I doubt that the reviewer of my second collection of stories, Who killed Emil Kreisler? (Cultured Llama, 2016), stunned by how his stories went from place to place around the world, was disturbed by the mention in my preliminary biog that I was from Wales. It was to look like nothing more than a modest launch pad.

But everyone comes from somewhere; it is still worth mentioning even if its significance is to be discussed or considered elsewhere, notably by the muggers themselves under conditions of political self-communion as they cast their long-incubated effusions upon the rest of the world in the hope of an “acceptance”, the term used by the author to designate a missive confirming the publication.

The chances of such a confirmation being accompanied by a check for fifty pounds are so small that they are not worth considering.

This is the age of the reverse “gift”, in which instead of a benefit in addition to payment, the writer in many cases receives no payment while the editor accepts the work for free.

Writers keep pushing rocks up like Sisyphus; but, unlike Sisyphus, they committed no other sin than the venial one of selfishness, knowing that some of the greatest writers were guilty of pride and that few readers judge them worse for it.

jazz jump

If I lose interest in publishing books, there’s always what I write as a music critic, especially these days in Jazz Review, which I have been reading since I was fourteen. My regular column there, Count Me In, is a work of unparalleled literary genius. (That’s what he says here.)

Welsh Jazz, or Jazz in Wales, is booming. I hasten to add that it is played by musicians residing in Wales or by those who cross the border for the privilege of doing so.

Anyway, there is something about the place worth proclaiming. And the border itself, of course, is meaningless; gliding along the bed of the River Wye in my part of Wales, it is also invisible.

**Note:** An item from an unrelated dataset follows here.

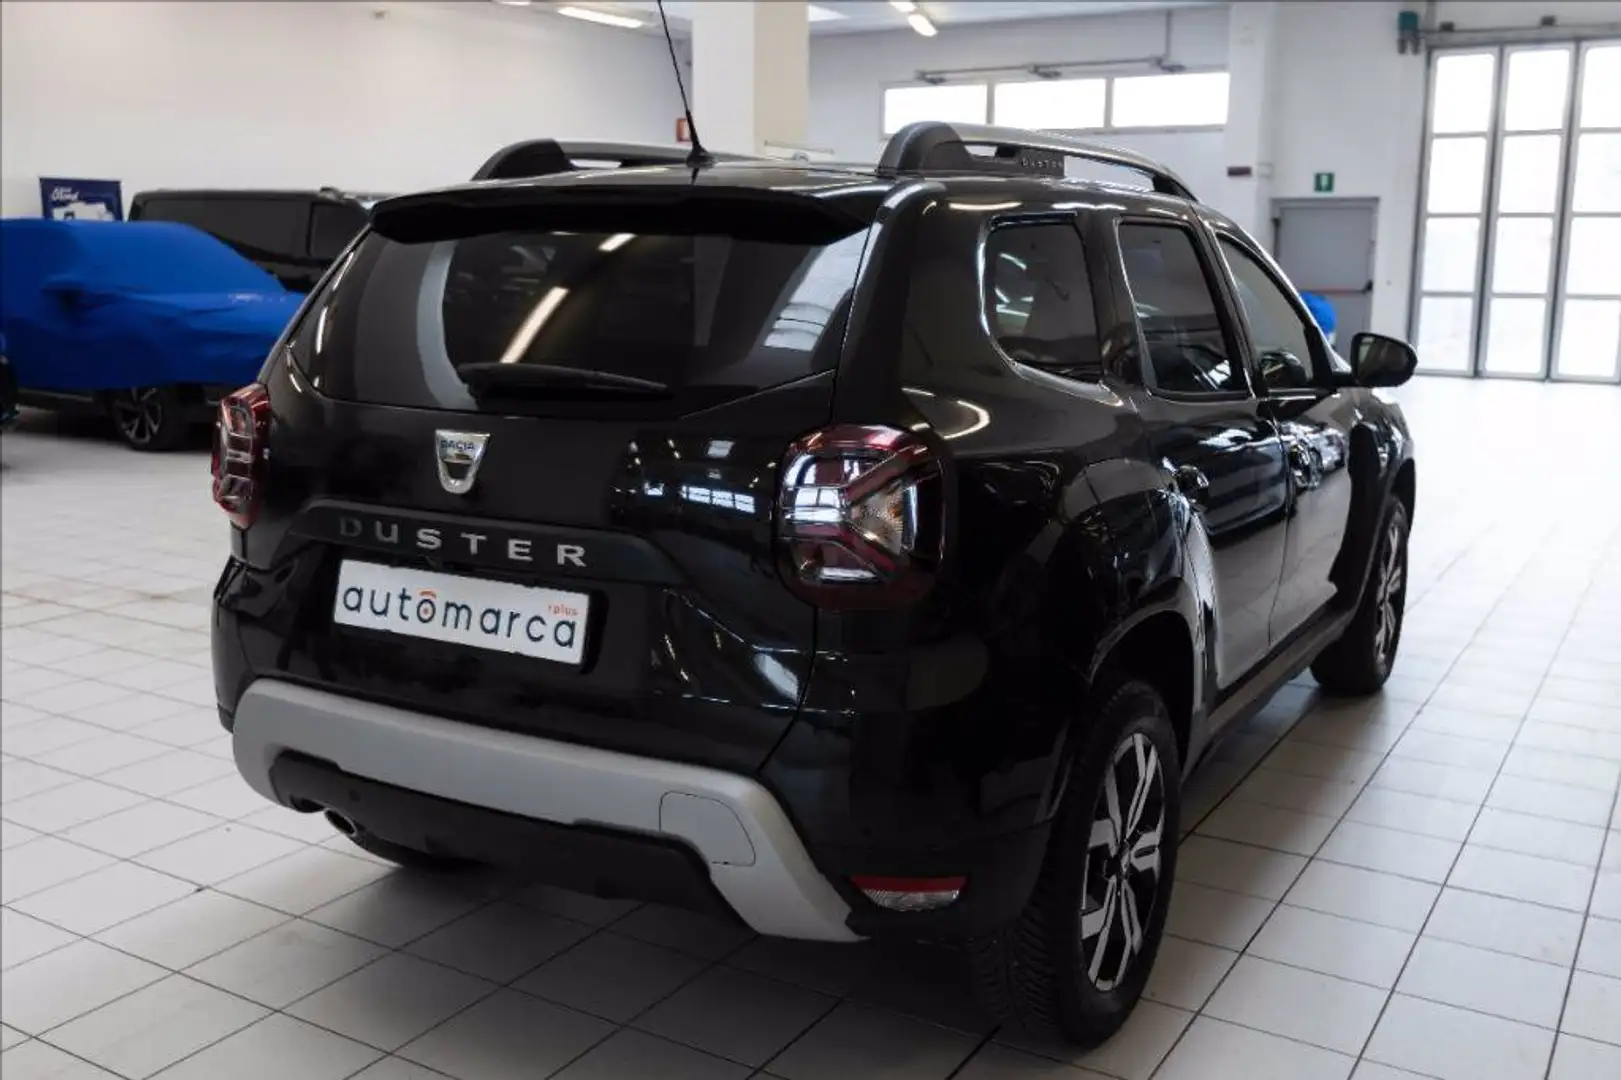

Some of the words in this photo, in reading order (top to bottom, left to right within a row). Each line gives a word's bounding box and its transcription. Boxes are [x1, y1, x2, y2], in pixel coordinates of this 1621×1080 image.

[440, 440, 475, 450] DACIA
[340, 517, 586, 567] DUSTER
[343, 587, 576, 648] automarca

Nigel Jarrett is a former daily journalist and winner of the Rhys Davies Award and the Templar Short Award, both for short fiction. For many years he was chief music critic of the South Wales Argus. He regularly contributes to Wales Arts Review, Arts Scene in Wales, Jazz Journal, Acumen poetry magazine, and others, and it is included in the Library of Wales’ two-volume anthology of 20th and 21st century Welsh short fiction. He lives in Monmouthshire and swims a lot.